Search this site


[prev]  Page 2 of 4  [next]

Metadata

Articles

Projects

Presentations

Python, event tracking, and bdb.

In previous postings, I've put thoughts on monitoring and data aggregation. Last night, I started working on prototyping a python tool to record arbitrary data. Basically it aims to solve the problem of "I want to store data" in a simple way, rather than having to setup a mysql database, user access, tables, a web server, etc, all in the name of viewing graphs and data reports.

The requirements are pretty simple and generic:

  • Storage will be mapping key+timestamp => value
  • Timestamps should be 64bit values, so we can use microsecond values (52 bits to represent current unix epoch in microsecond)
  • Access method is assumed to be random access by key, but reading multiple timestamp entries for a single key is expected to be sequential.
  • Key names must be arbitrary length
  • Storage must be space-efficient on key names
  • Values are arbitrary.
  • Minimal setup overhead (aka, you don't have to setup mysql)
The goal of this is to provide a simple way to store and retrieve timestamped key-value pairs. It's a small piece of the hope that there can be a monitoring tool set that is trivial to configure, easy to manipulate, easy to extend, and dynamic. I don't want to pre-declare data sources and data types (rrdtool, cacti), or make it difficult to add new collection sources, etc. I'm hoping that relying on the unix methodology (small tools that do one or two things well) that this can be achieved. The next steps in this adventure of a monitoring system are:
  • a graphing system
  • aggregation functions
  • templating system (web, email, etc?)
Space efficiency on key names is achieved with a secondary storage containing a list of key to keyid mappings. Key IDs are 64bit values. The first value is 1. We could use a hash function here, but I want a guarantee of zero collisions. However, this means that keys are specifically stored as key ids in insertion order, not lexigraphical order.
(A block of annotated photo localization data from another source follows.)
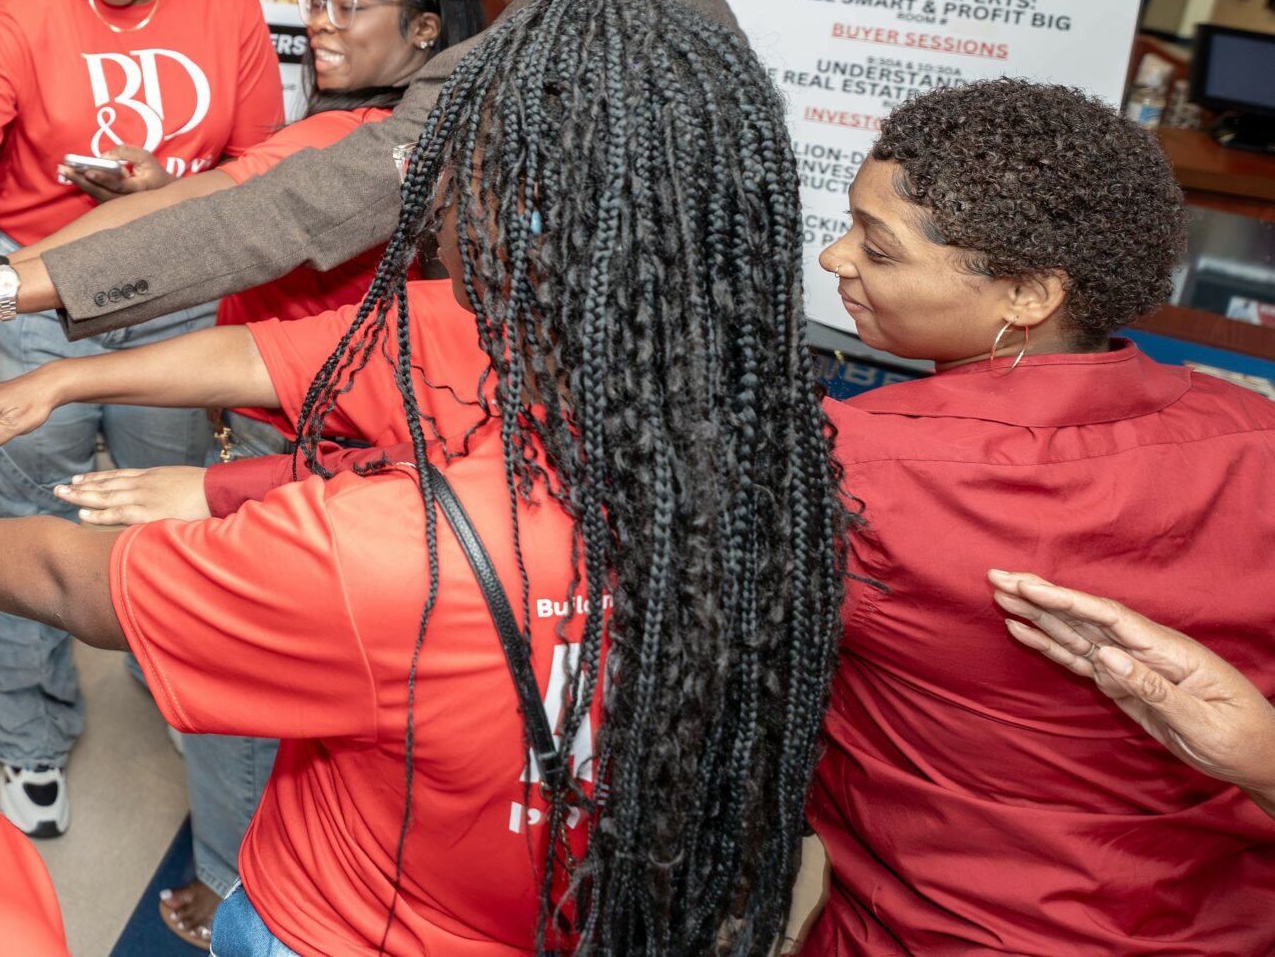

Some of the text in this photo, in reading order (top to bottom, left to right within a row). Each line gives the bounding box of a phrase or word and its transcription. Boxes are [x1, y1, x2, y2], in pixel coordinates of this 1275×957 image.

[922, 0, 936, 14] &
[943, 2, 1026, 25] PROFIT
[1031, 12, 1072, 31] BIG
[832, 22, 1009, 60] BUYER SESSIONS
[783, 70, 834, 90] REAL
[817, 59, 967, 88] UNDERSTAND
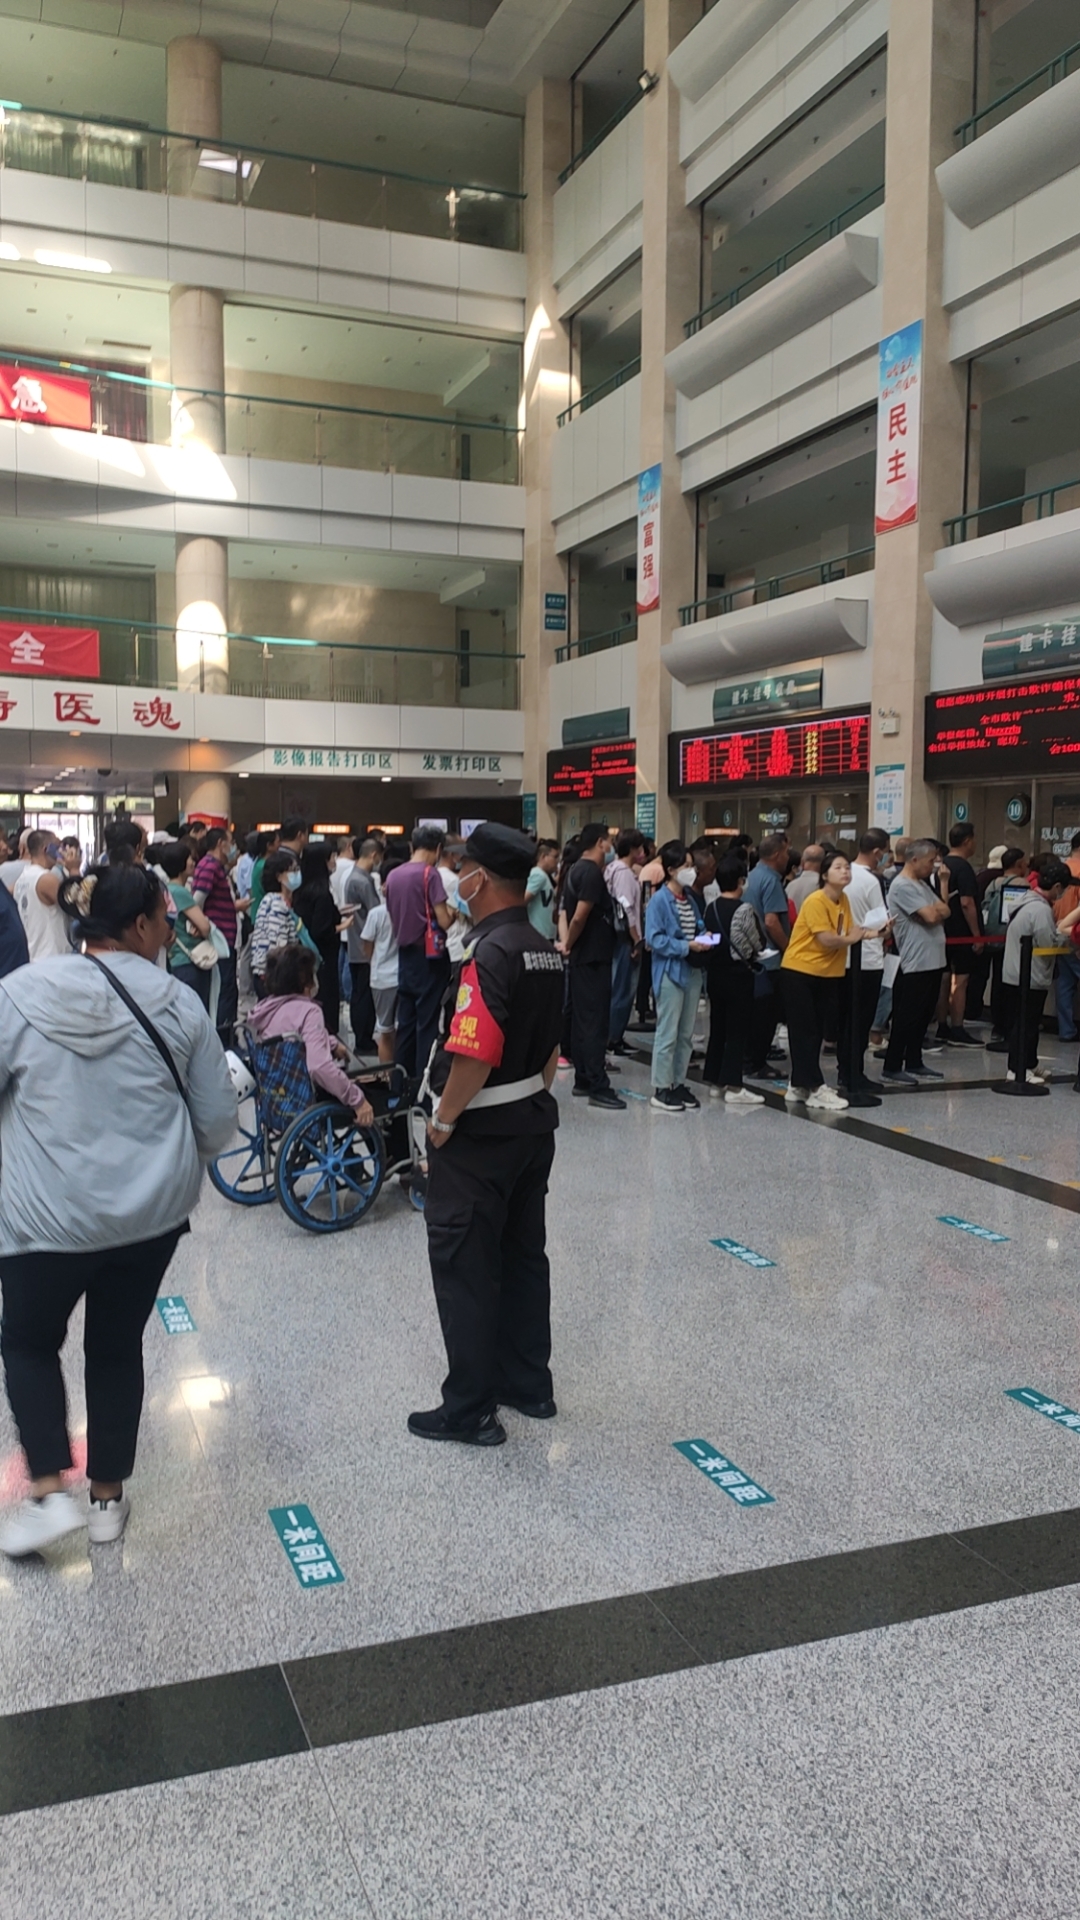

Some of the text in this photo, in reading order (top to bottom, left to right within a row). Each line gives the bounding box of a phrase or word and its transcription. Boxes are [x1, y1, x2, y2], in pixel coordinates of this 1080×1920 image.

[886, 402, 907, 485] 民主
[643, 521, 655, 580] 富强
[9, 630, 46, 666] 全
[273, 749, 393, 769] 影像报告打印区
[422, 753, 502, 772] 发票打印区
[1010, 804, 1020, 816] 10
[1021, 1391, 1080, 1432] 一米间
[690, 1443, 767, 1502] 一米间距
[283, 1509, 337, 1583] 一米间距
This may become a problem if we want to read keys sequentially. However, if we scan the secondary database (one mapping key => 64bit_keyid) we can get keys in lexigraphical order for free. So iterating over all keys starting with the string 'networking' is still possible, but it will result in random-access reads on the primary database. This may be undesirable, so I'll have to think about whether or not this use case is necessary. There are some simple solutions to this, but I'm not sure which one best solves the general case.

Arbitrary key length is a requirement because I found the limitations of RRDTool annoying, where data source names cannot be more than 19 characters - lame! We end up being more space efficient (8 bytes per name) for any length of data source name at the cost of doing a lookup finding the 64bit key id from the name.
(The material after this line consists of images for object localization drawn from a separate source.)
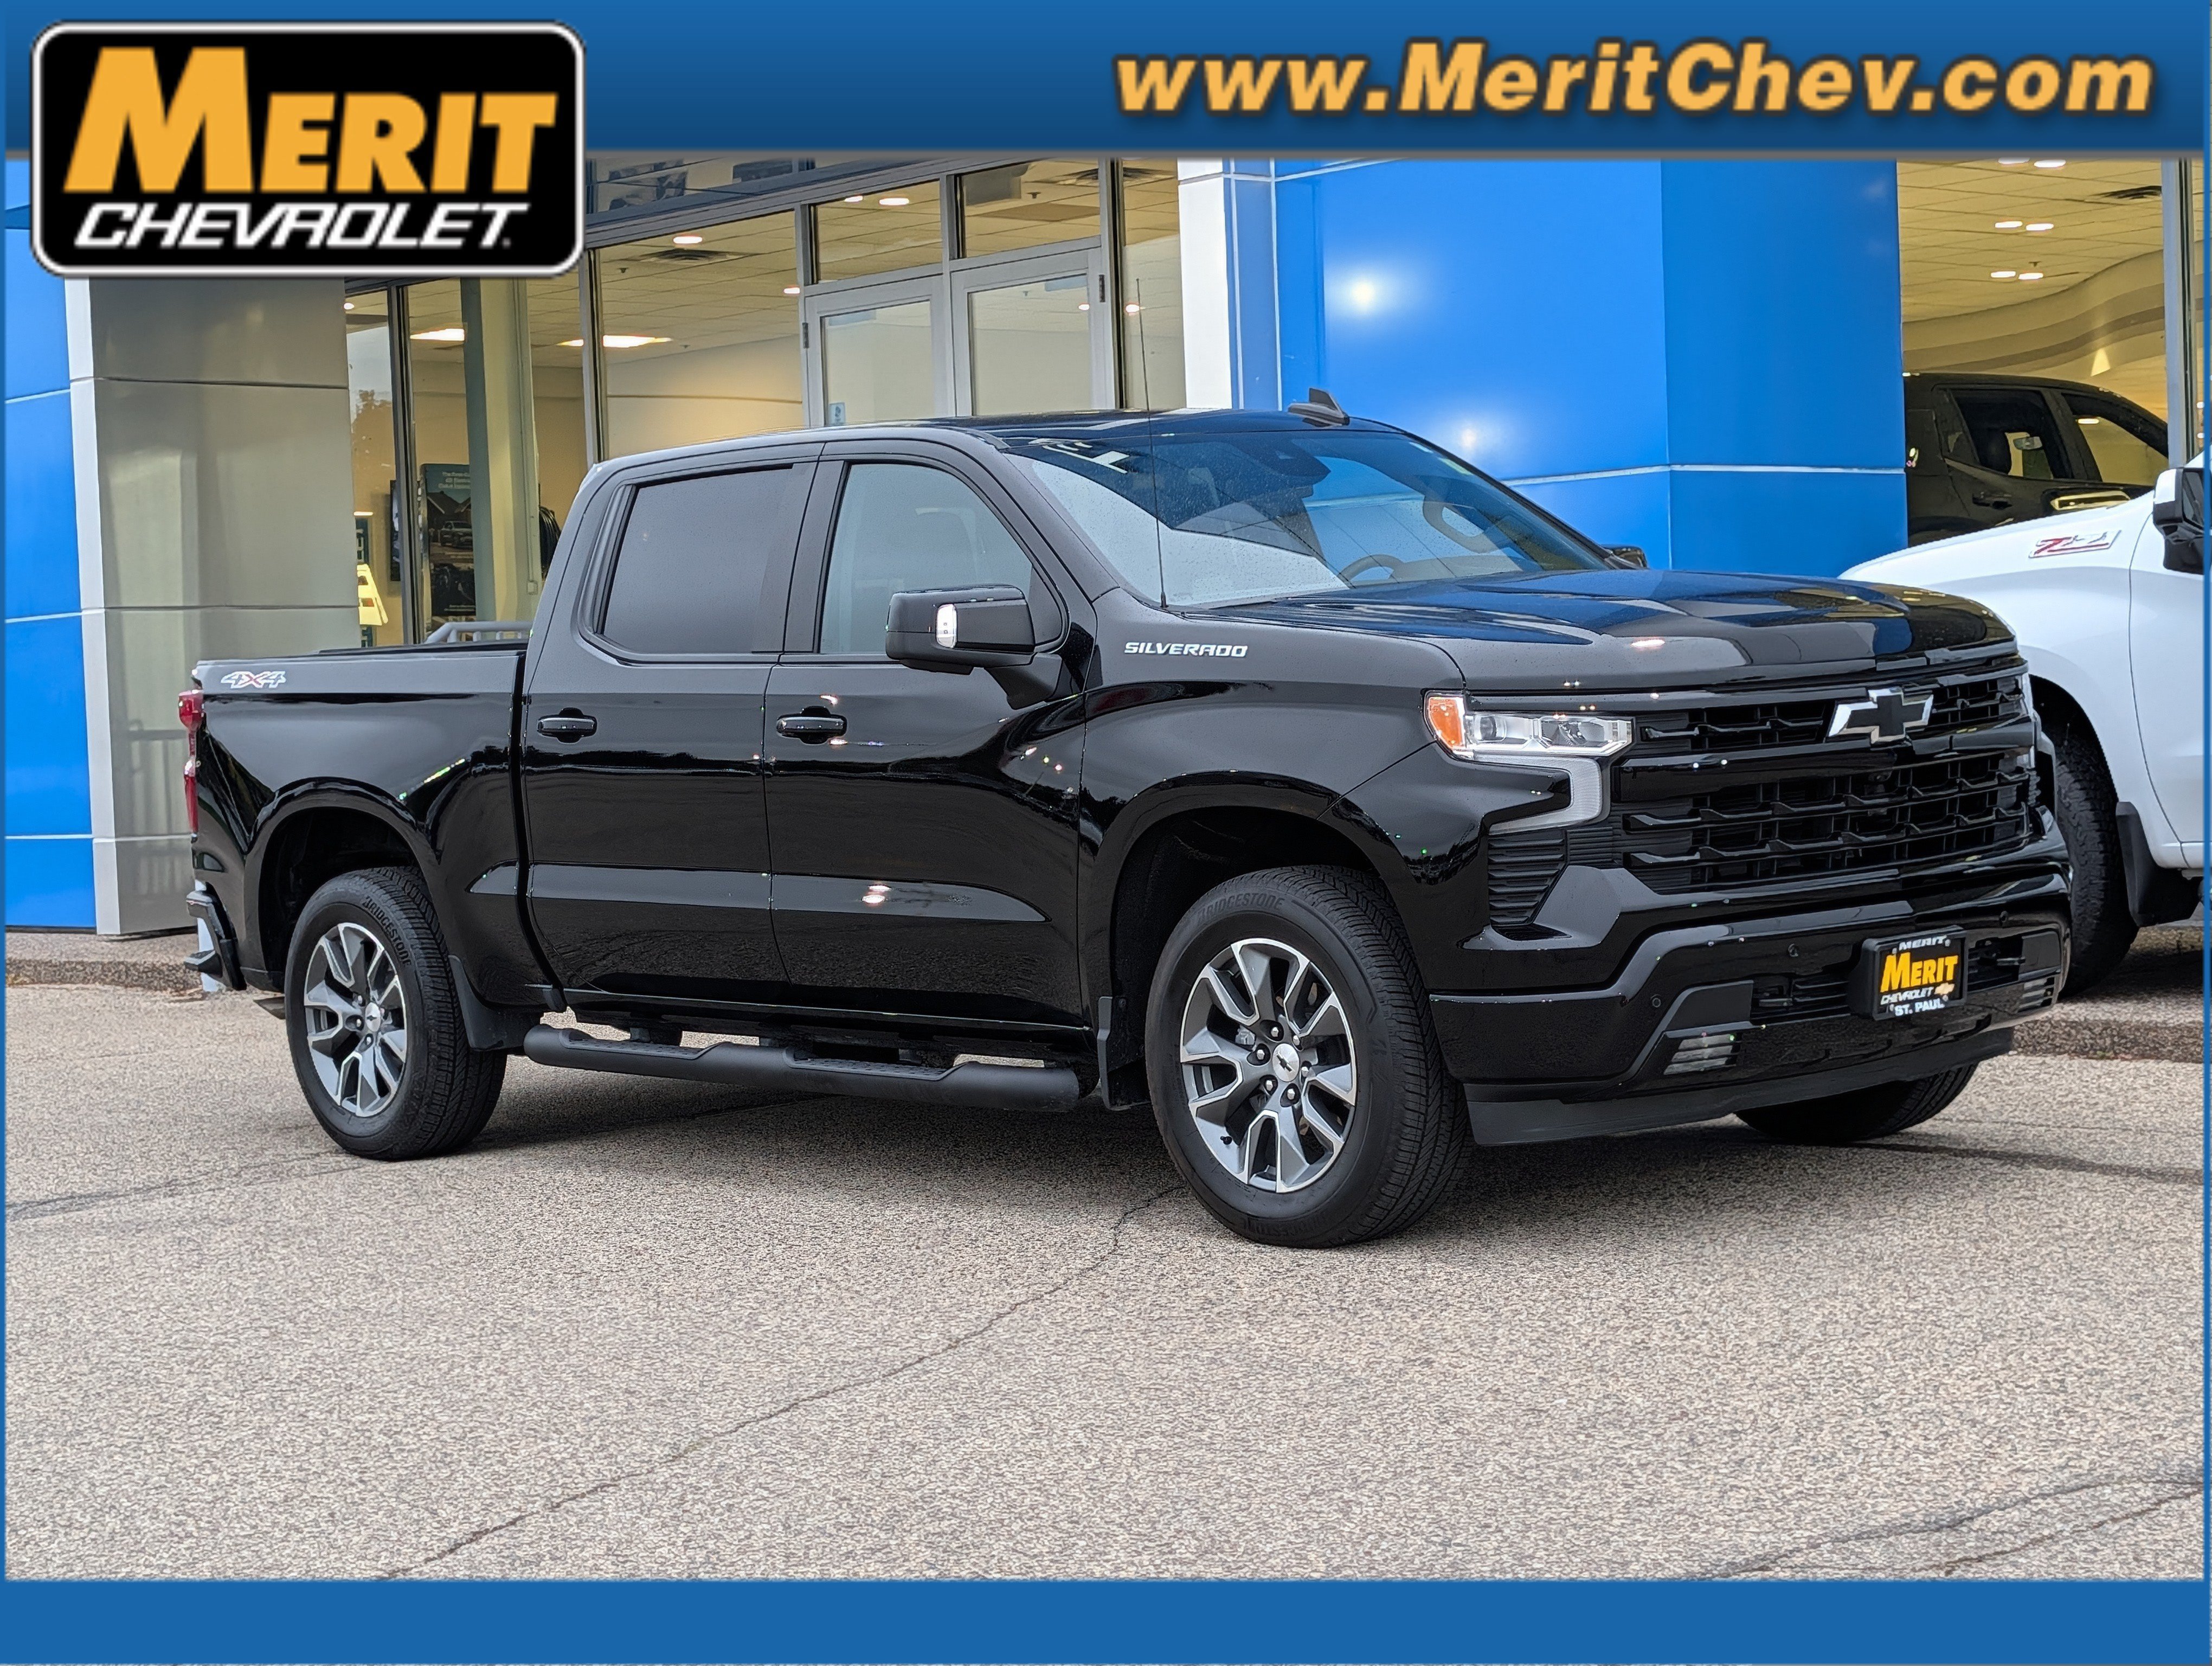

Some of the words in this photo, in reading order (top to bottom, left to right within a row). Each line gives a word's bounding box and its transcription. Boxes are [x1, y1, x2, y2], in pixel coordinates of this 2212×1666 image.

[1124, 642, 1248, 657] SILVERADO
[1197, 893, 1285, 923] BRIDGESTONE
[362, 895, 412, 967] BRIDGESTONE
[1880, 951, 1958, 992] MERIT
[1880, 986, 1934, 1005] CHEVROLET
[1914, 997, 1945, 1013] PAUL
I have some of the code written, and a demo that runs 'netstat -s' a once a second for 5 seconds and records total ip packets inbound. The key is 'ip.in.packets'

ip.in.packets[1195634167358035]: 1697541
ip.in.packets[1195634168364598]: 1698058
ip.in.packets[1195634169368830]: 1698566
ip.in.packets[1195634170372823]: 1699079
ip.in.packets[1195634171376553]: 1699590

Distributed xargs

I like xargs. However, xargs becomes less useful when you want to run in parallel many cpu-intensive tasks with more parallelism than you have cpus cores local to your machine.

Enter dxargs. For now, dxargs is a simple python script that will distribute tasks in a similar way to xargs but will distribute them to remote hosts over ssh. Basically, it's a threadpool of ssh sessions. An idle worker will ask for something to do, letting you get the maximum throughput possible; meaning your faster servers will be given more tasks to execute than slower ones simply because they complete them sooner.

As an example, let's run 'hostname' in parallel across a few machines for 100 total calls.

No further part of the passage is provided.